The Tiwanaku-Wari period (approx. 6th century-11th century)

The Tiwanaku-Wari empire was the political union between the Wari empire and the Tiwanaku culture that encompassed more than 1 300 000 km2 and had a population of 5.2 million during the Middle Horizon period. Most archaeologists believe it was an imperialistic confederation controlled by the warmonger Waris because there are no traces of conflict and the Wari road system passes through Tiwanaku territory. On the other hand, there is a group of archaeologists who refute that theory and prefer to call it a pseudo-confederation because there is no clear evidence of a unified government, and they advocate to categorize it as a pacific coexistence between two empires for mutual benefit. The relationship between the two polities is unknown. Definite interaction between the two is proved by their shared iconography in art. The Tiwanaku created a powerful ideology, using previous Andean icons that were widespread throughout their sphere of influence. They used extensive trade routes and shamanistic art. Tiwanaku art consisted of legible, outlined figures depicted in curvilinear style with a naturalistic manner, while Wari art used the same symbols in a more abstract, rectilinear design with a militaristic style.

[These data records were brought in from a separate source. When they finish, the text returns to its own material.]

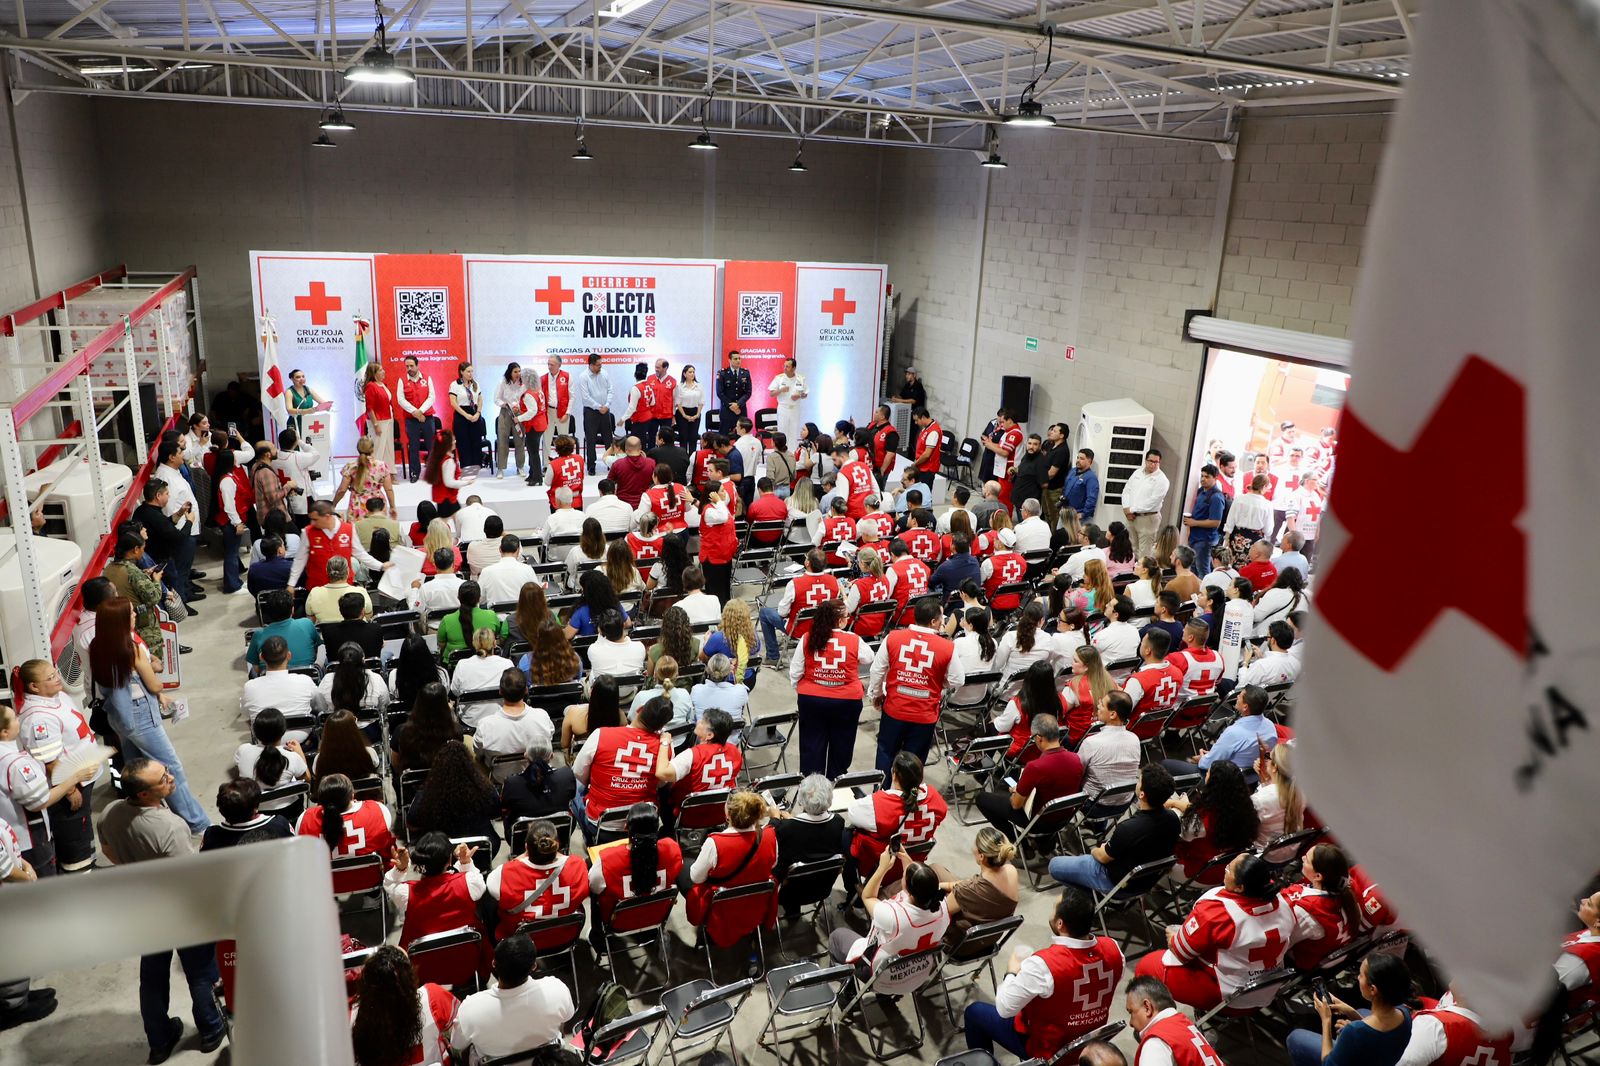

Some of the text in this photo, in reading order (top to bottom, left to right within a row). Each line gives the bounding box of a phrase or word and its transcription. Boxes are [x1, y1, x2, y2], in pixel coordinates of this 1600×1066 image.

[588, 277, 648, 288] CIERRE DE
[583, 315, 642, 338] ANUAL
[645, 315, 656, 338] 2026
[896, 675, 928, 685] MEXICANA
[913, 672, 929, 680] ROJA
[1070, 1011, 1090, 1020] CRUZ
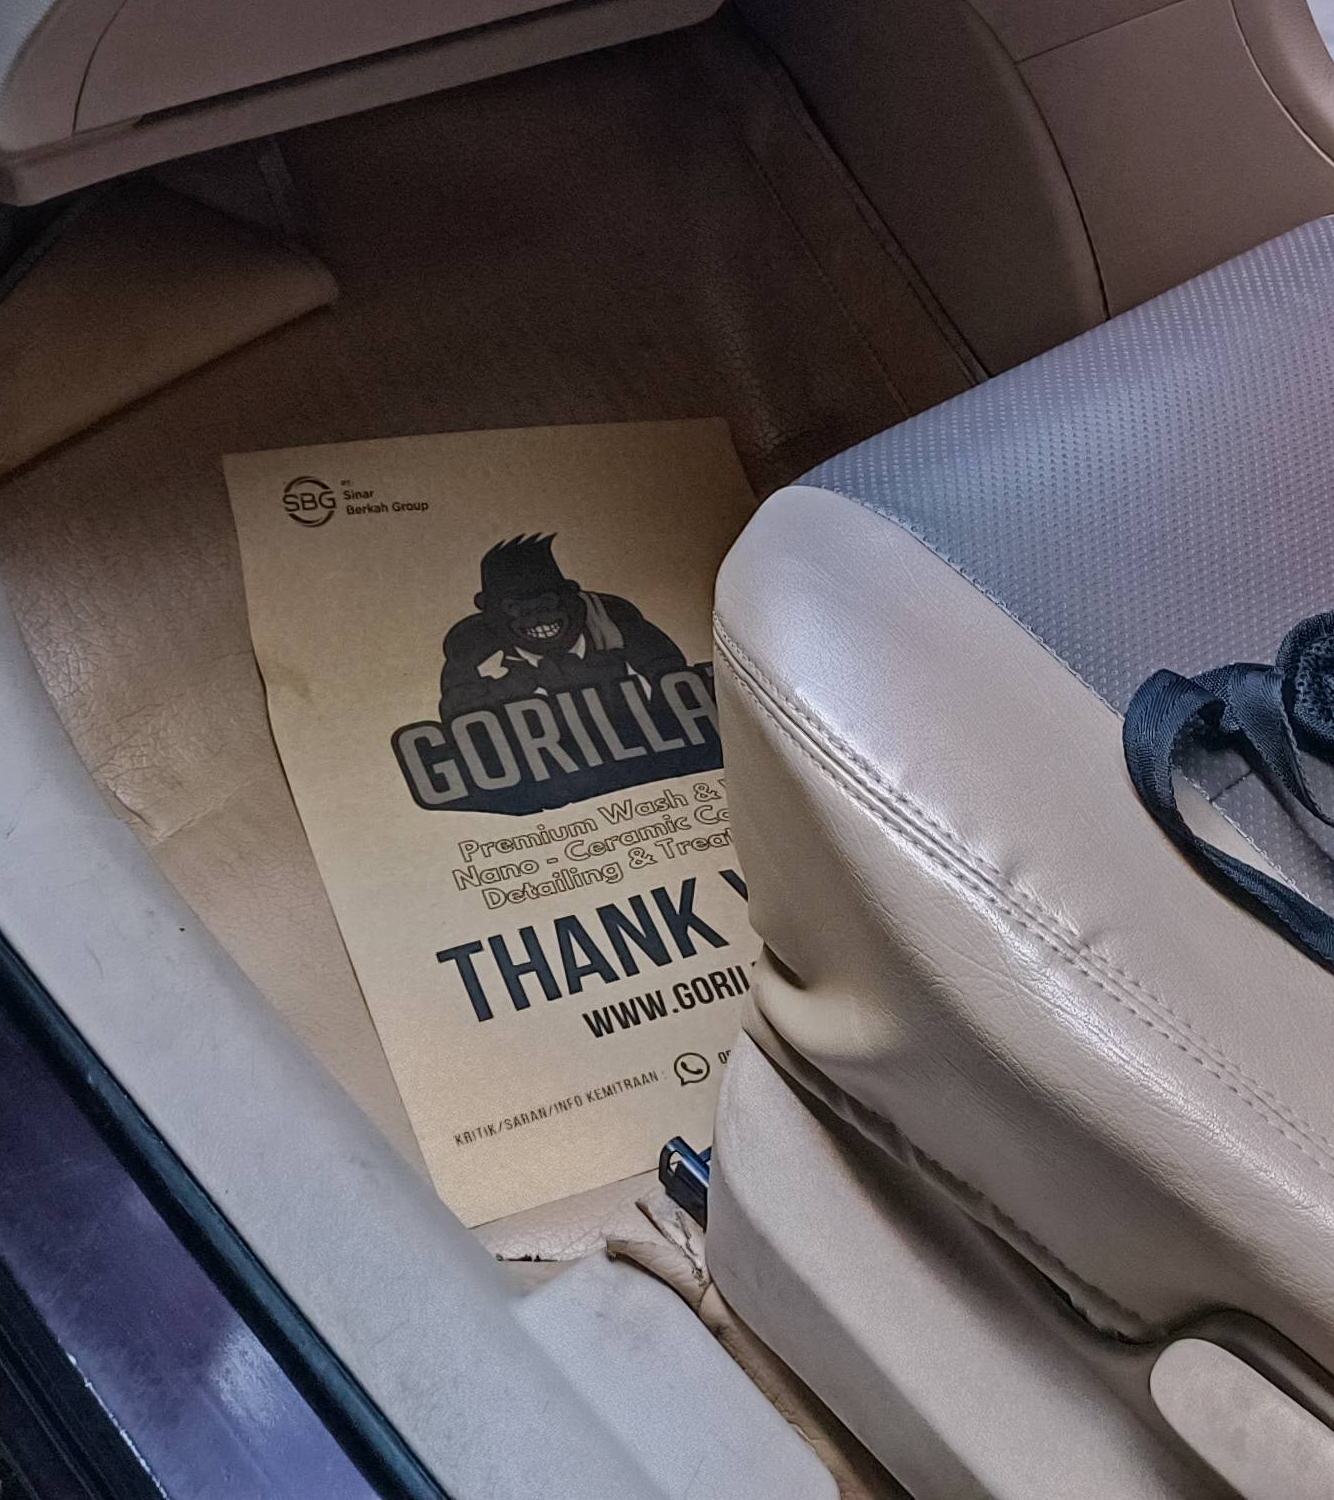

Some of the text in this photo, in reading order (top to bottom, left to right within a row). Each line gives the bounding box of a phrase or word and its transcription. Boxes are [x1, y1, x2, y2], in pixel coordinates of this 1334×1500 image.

[282, 491, 336, 512] SBG
[343, 490, 374, 500] Sinar
[346, 502, 429, 515] Berkah Group
[398, 671, 720, 805] GORILLA
[452, 859, 539, 891] Nano
[564, 814, 691, 862] Ceramic
[458, 782, 723, 863] Premium Wash &
[482, 861, 624, 910] Detailing
[628, 847, 658, 870] &
[435, 876, 730, 1023] THANK
[453, 1094, 583, 1147] KRITIK/SARAN/INFO
[585, 1070, 659, 1104] KEMITRAAN

The Wari economy was based on agriculture and craftsmanship. They built andenes (terrace farms) to cultivate maize, potatos, oca, mashwa, peanuts, sweet potatos, quinoa, ulluco, etc. They preserved the harvest by exposing the vegetables to very low night temperatures, freezing them, and then leaving them under intense sunlight of the day. The process lasted more than five days, and the result was non-perishable freeze-dried food. The Wari preferred to preserve potatos, and the product was called chuño. The Wari also practiced the chaccu in Pampa Galeras, which consists in shearing vicuñas without harming them.
The Wari craftworkers mainly produced ceramics and wooden artifacts. These prestige and luxury goods were traded for metal ores, cotton, llama and vicuña fiber, feathers, seeds, livestock, etc. They also carved religious wooden tokens for other cultures in exchange for silver and gold, implying an incipient business model.


Wari is known as the warmonger state of South America in the Middle Horizon era. Not only they had an expansionist culture, but also their army was organized so that their soldiers could be as efficient as possible. Wari warriors were grouped in quinary or decimal systems, depending on their role in battle, and were commanded by a noble of the same expertise. For example, the infantry was grouped in decimals and led by a veteran noble who wielded spears, maces or axes. While the archers and sligers were grouped in quinaries and led by an archer or slinger veteran noble. The army was divided in castes and ranks based on meritocracy and highly rewarded. Warriors of the Wari caste received luxurious rewards such as gold tokens, land, and colorful feathers which were symbols of status. As opposed to warriors conscripted from conquered kingdoms who only received plots of land and livestock. The Wari army also used war paint to rally themselves for battle and played pututu trumpets to cause fear and confusion among the enemy.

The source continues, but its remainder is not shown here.